- What to work on -
Type out all the records word for word. Any pictures are to be left out.

- Provided information -
*** Block opens ***
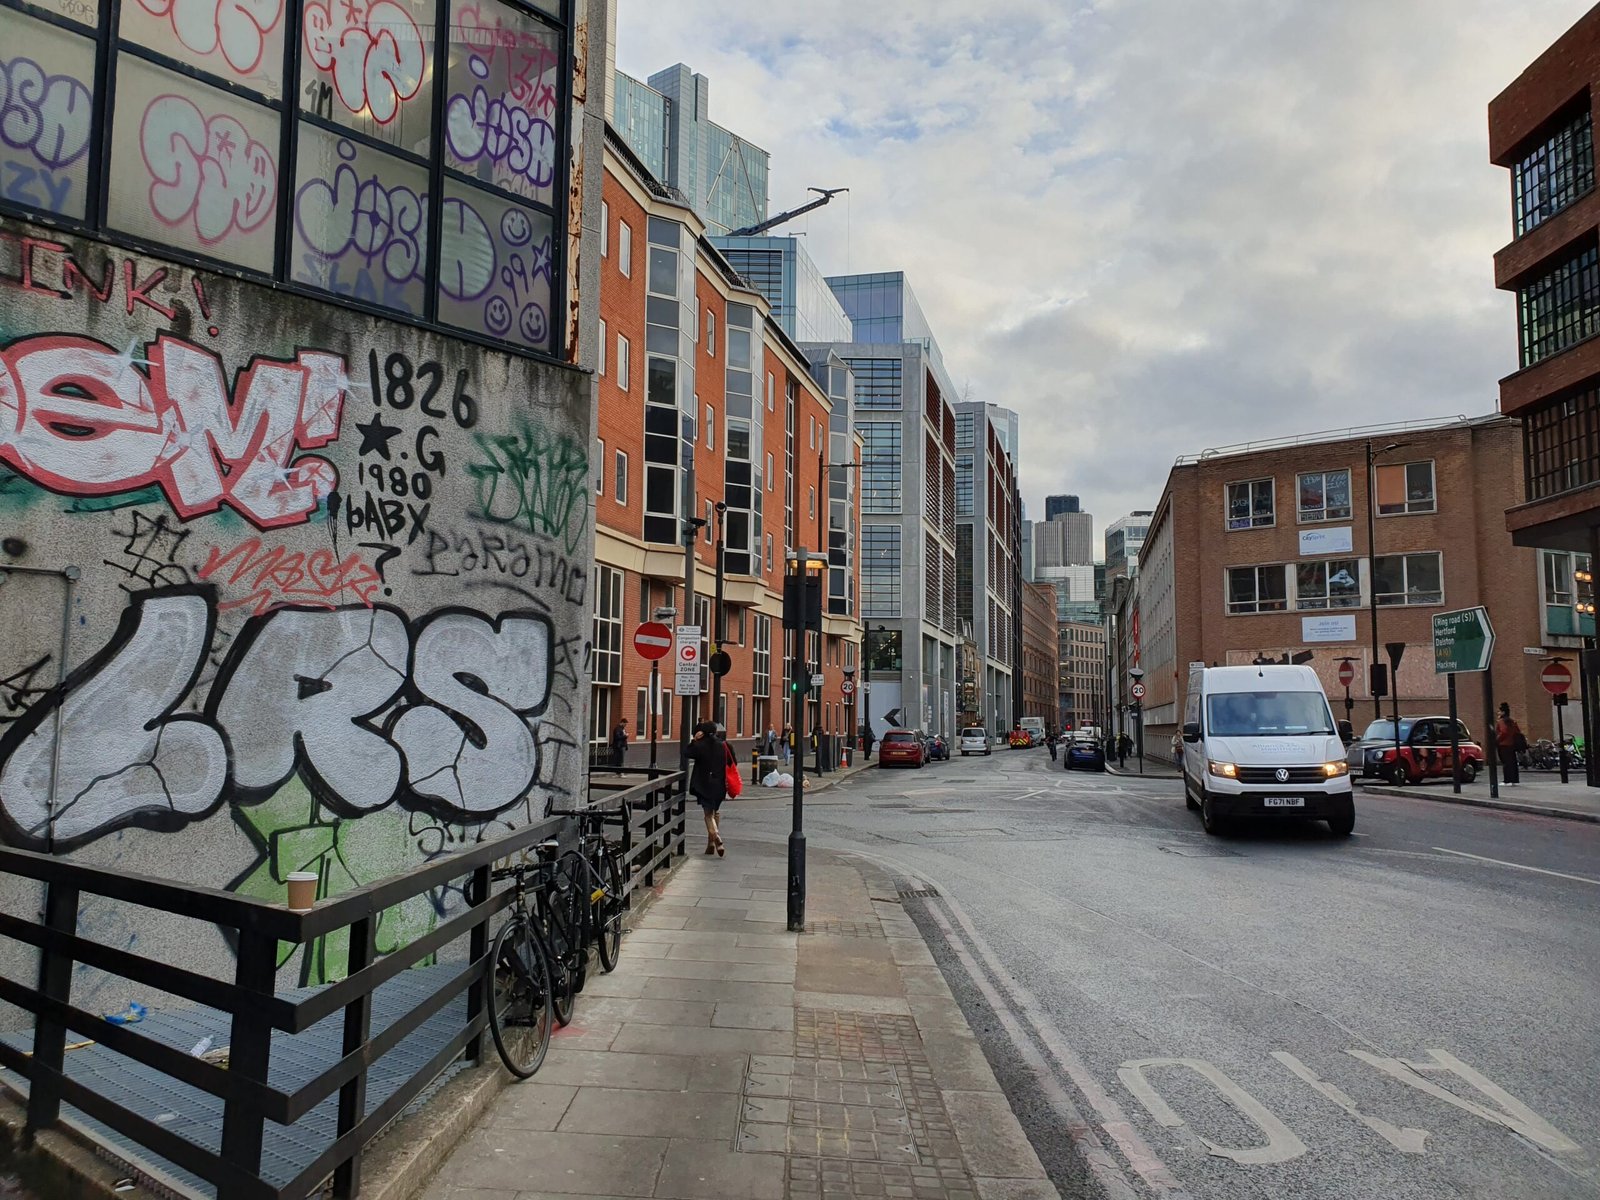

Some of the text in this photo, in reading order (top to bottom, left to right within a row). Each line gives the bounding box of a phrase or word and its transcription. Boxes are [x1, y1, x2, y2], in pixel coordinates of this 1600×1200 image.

[368, 347, 477, 429] 1826
[358, 462, 433, 500] 1980
[1449, 615, 1461, 625] road
[1435, 625, 1457, 636] Hertford
[1435, 637, 1455, 647] Dalston
[1436, 661, 1458, 670] Hackney
*** Block closes ***
- Result for this task -
Some of the text in this photo, in reading order (top to bottom, left to right within a row). Each line gives the bounding box of a phrase or word and its transcription. Boxes are [x1, y1, x2, y2], in pixel coordinates of this 1600×1200 image.

[368, 347, 477, 429] 1826
[358, 462, 433, 500] 1980
[1449, 615, 1461, 625] road
[1435, 625, 1457, 636] Hertford
[1435, 637, 1455, 647] Dalston
[1436, 661, 1458, 670] Hackney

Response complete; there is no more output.